─── Input
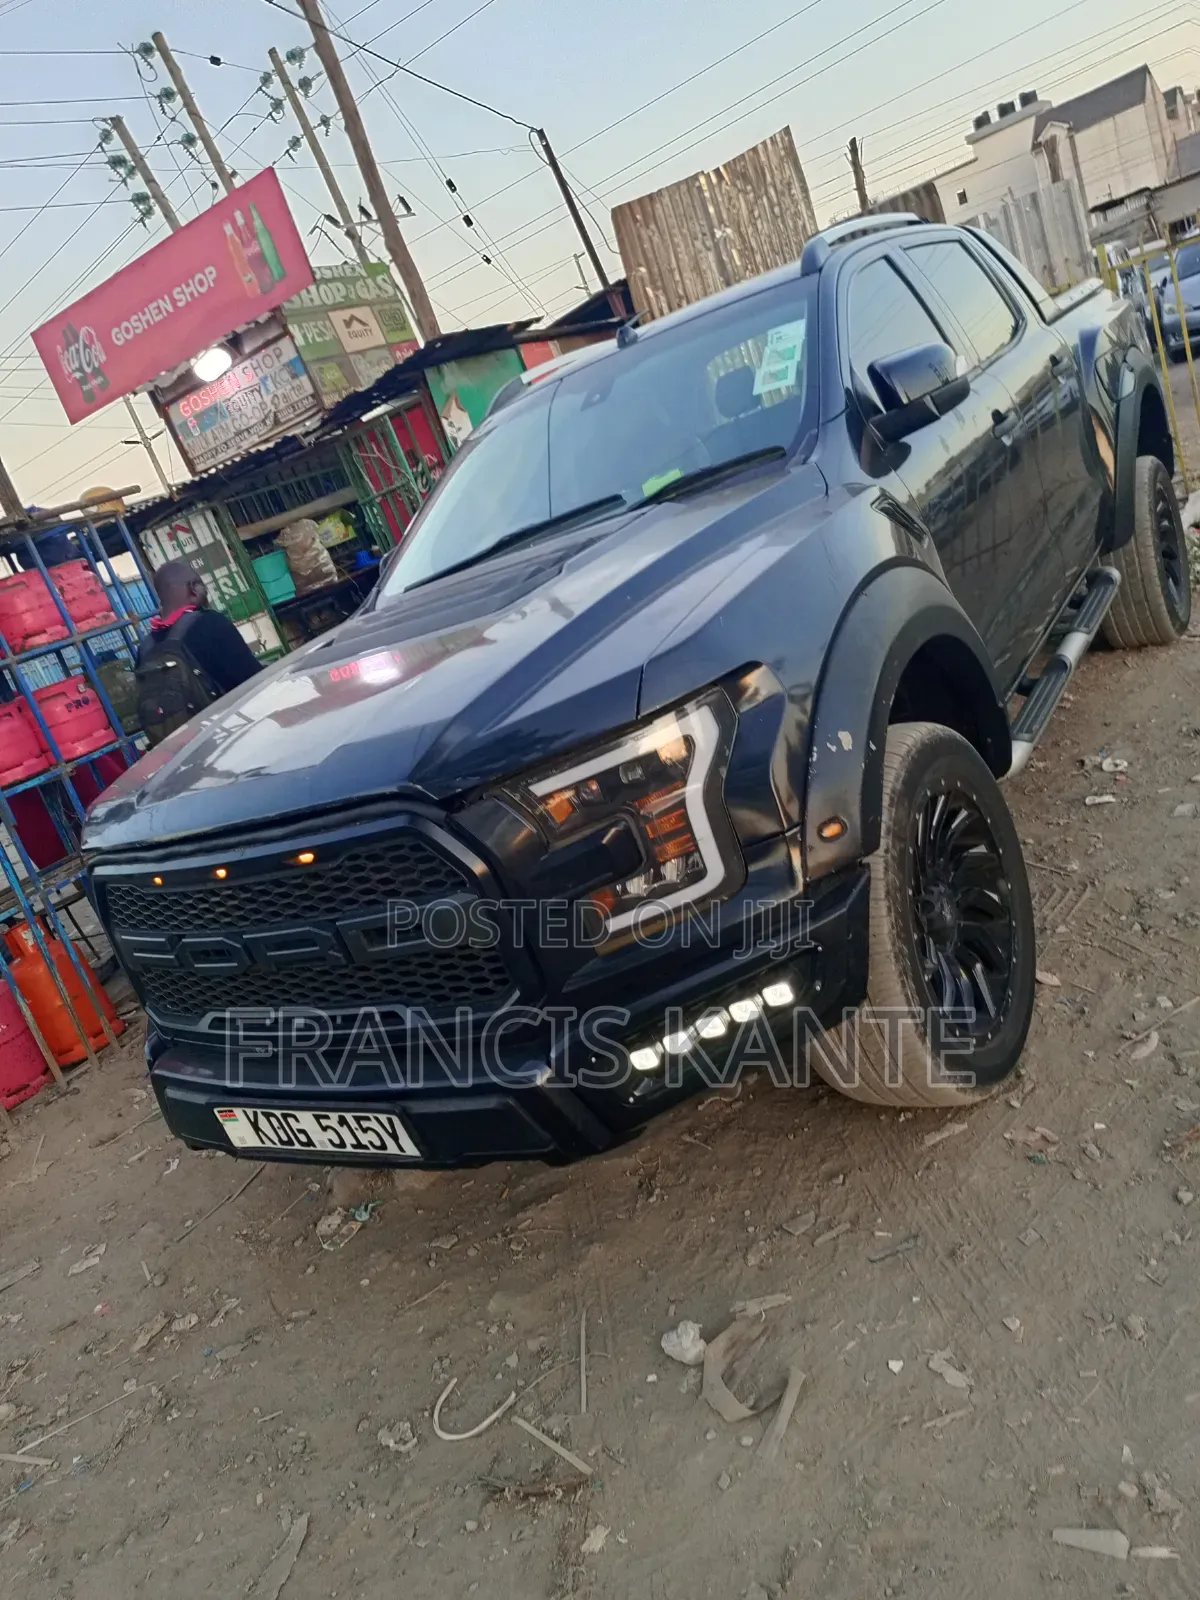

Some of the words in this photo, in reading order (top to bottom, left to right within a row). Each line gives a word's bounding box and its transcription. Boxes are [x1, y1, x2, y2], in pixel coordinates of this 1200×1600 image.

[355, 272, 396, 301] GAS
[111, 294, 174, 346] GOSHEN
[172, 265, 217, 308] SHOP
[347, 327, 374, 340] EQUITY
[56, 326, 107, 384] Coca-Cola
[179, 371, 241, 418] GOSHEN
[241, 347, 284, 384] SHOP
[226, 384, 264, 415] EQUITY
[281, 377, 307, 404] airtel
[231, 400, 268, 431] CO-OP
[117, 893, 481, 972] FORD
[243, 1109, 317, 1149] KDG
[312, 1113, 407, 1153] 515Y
──────
─── Input
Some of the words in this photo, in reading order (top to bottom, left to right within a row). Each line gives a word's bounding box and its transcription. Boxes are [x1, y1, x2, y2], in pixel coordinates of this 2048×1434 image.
──────
─── Input
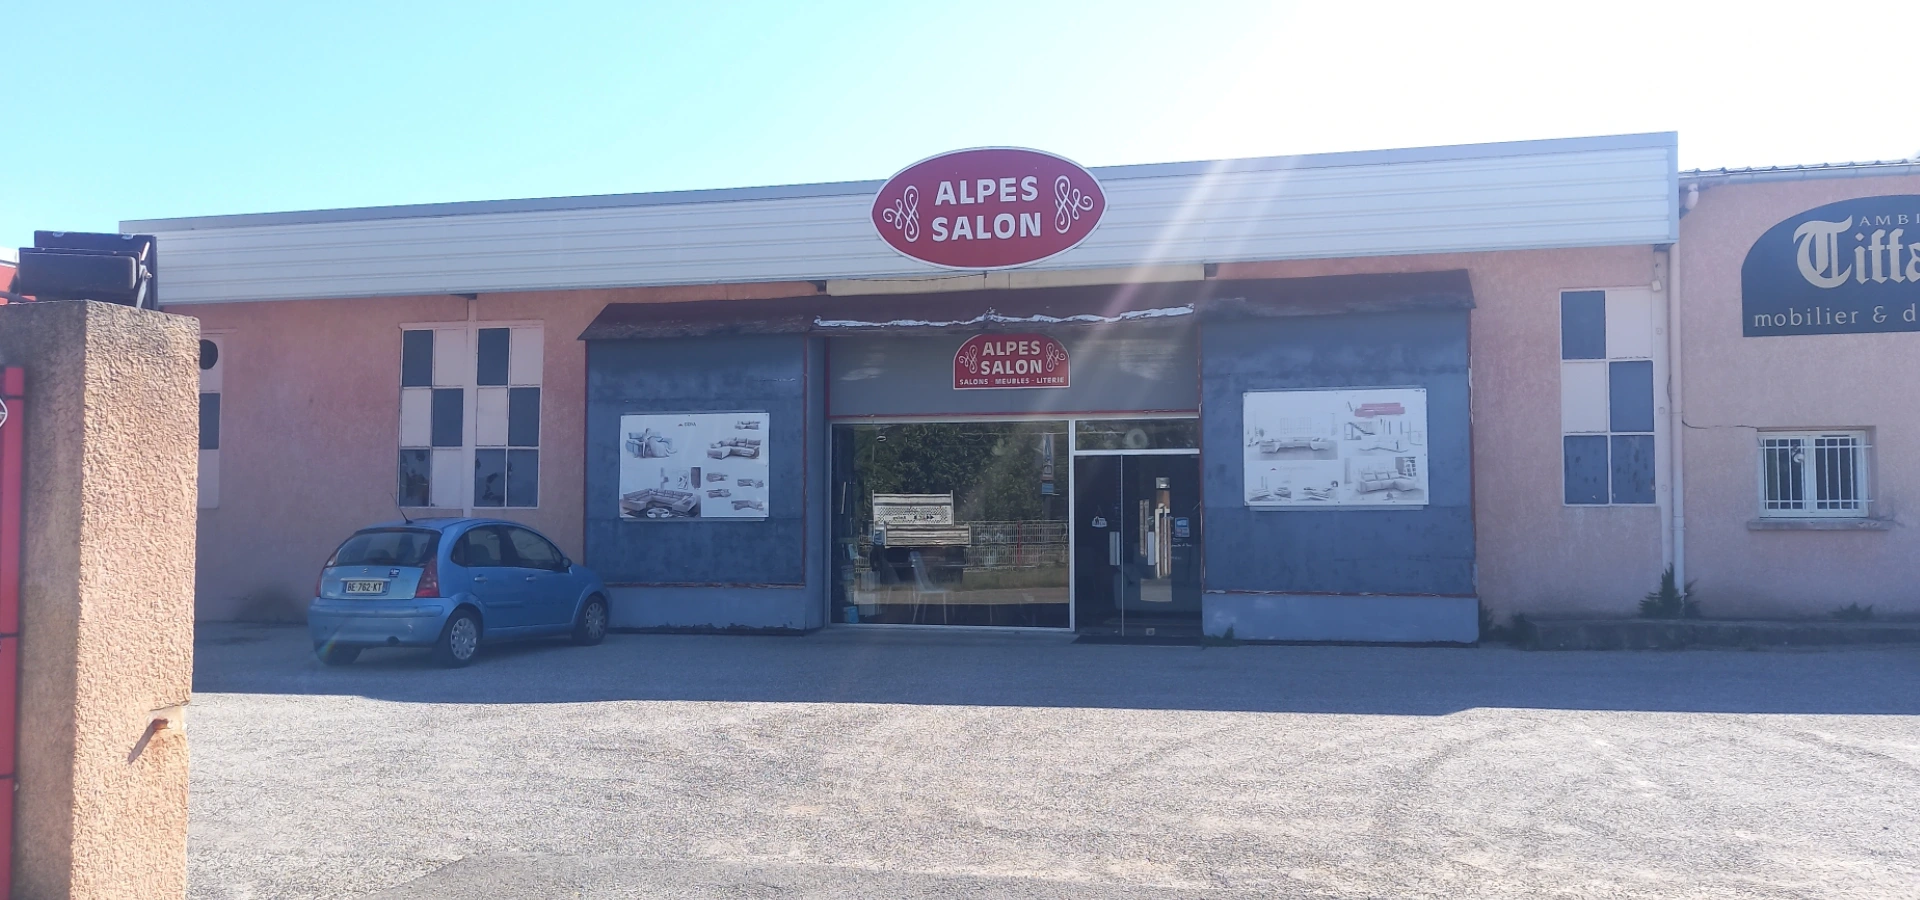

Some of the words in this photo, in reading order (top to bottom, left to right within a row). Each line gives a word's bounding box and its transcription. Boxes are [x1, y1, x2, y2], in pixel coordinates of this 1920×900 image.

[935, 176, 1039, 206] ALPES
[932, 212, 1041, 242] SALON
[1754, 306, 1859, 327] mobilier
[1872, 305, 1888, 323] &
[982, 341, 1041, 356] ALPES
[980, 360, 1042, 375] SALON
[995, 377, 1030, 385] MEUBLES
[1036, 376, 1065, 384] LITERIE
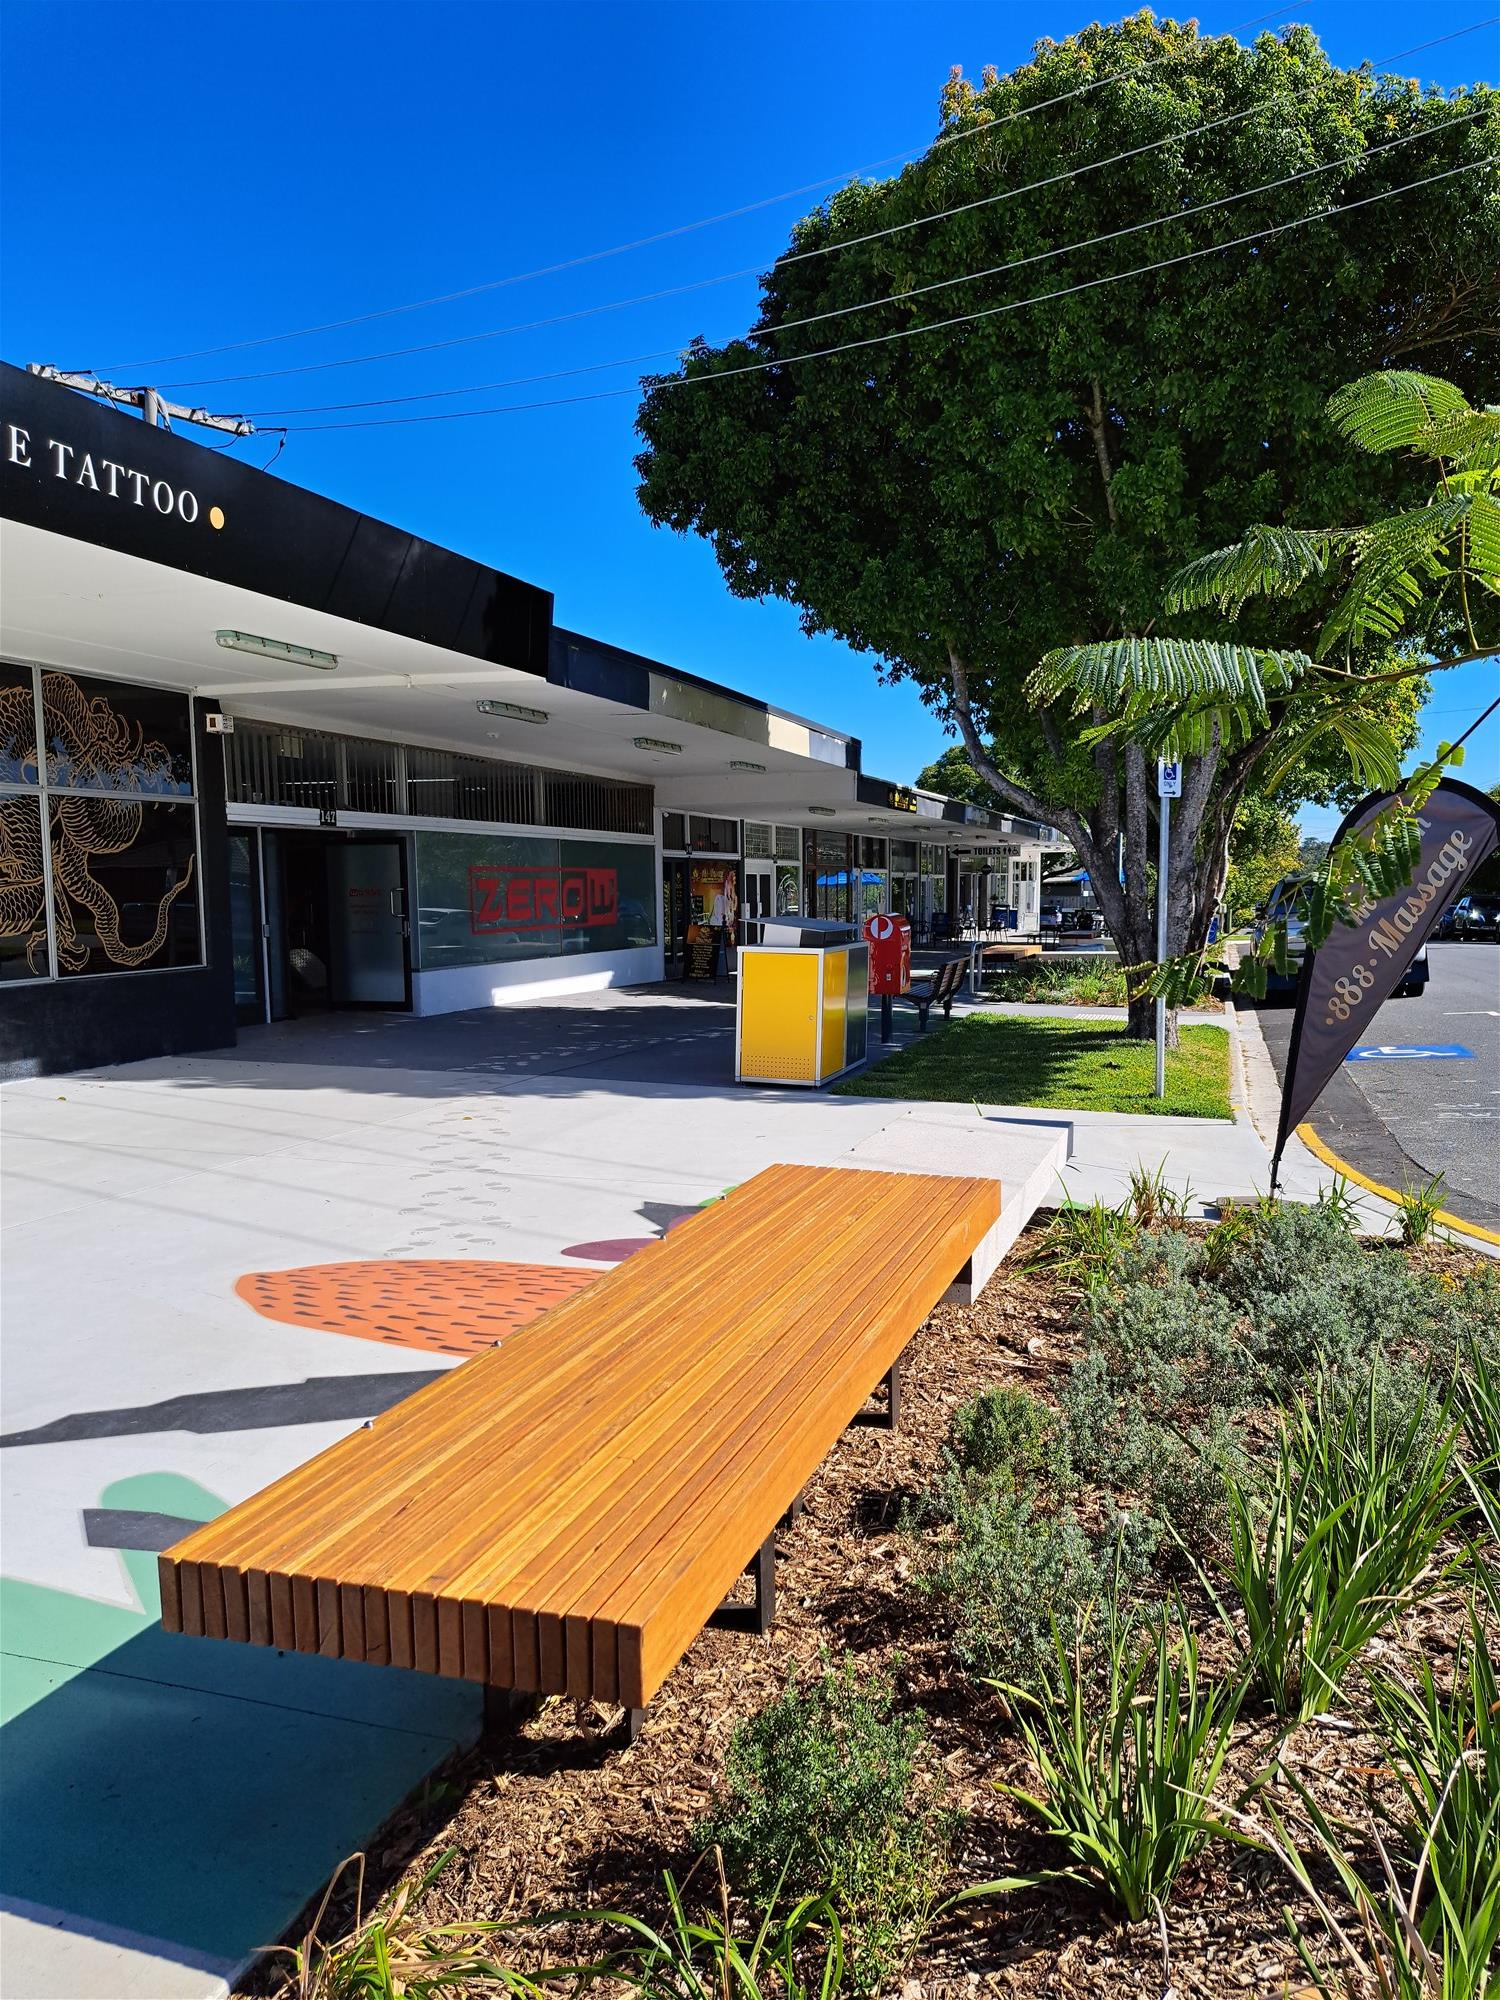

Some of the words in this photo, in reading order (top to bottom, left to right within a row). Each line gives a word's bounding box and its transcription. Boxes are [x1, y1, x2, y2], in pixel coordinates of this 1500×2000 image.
──────
Output only the lines above from the one containing "this 1920×900 image." to the one containing "this 1500×2000 image.", both included, exactly as written and with no pictures.

• [Answer space]
Some of the words in this photo, in reading order (top to bottom, left to right within a row). Each line gives a word's bounding box and its transcription. Boxes are [x1, y1, x2, y2], in pixel coordinates of this 1920×900 image.

[935, 176, 1039, 206] ALPES
[932, 212, 1041, 242] SALON
[1754, 306, 1859, 327] mobilier
[1872, 305, 1888, 323] &
[982, 341, 1041, 356] ALPES
[980, 360, 1042, 375] SALON
[995, 377, 1030, 385] MEUBLES
[1036, 376, 1065, 384] LITERIE

Some of the words in this photo, in reading order (top to bottom, left to right within a row). Each line gives a word's bounding box and its transcription. Boxes are [x1, y1, x2, y2], in pixel coordinates of this 1500×2000 image.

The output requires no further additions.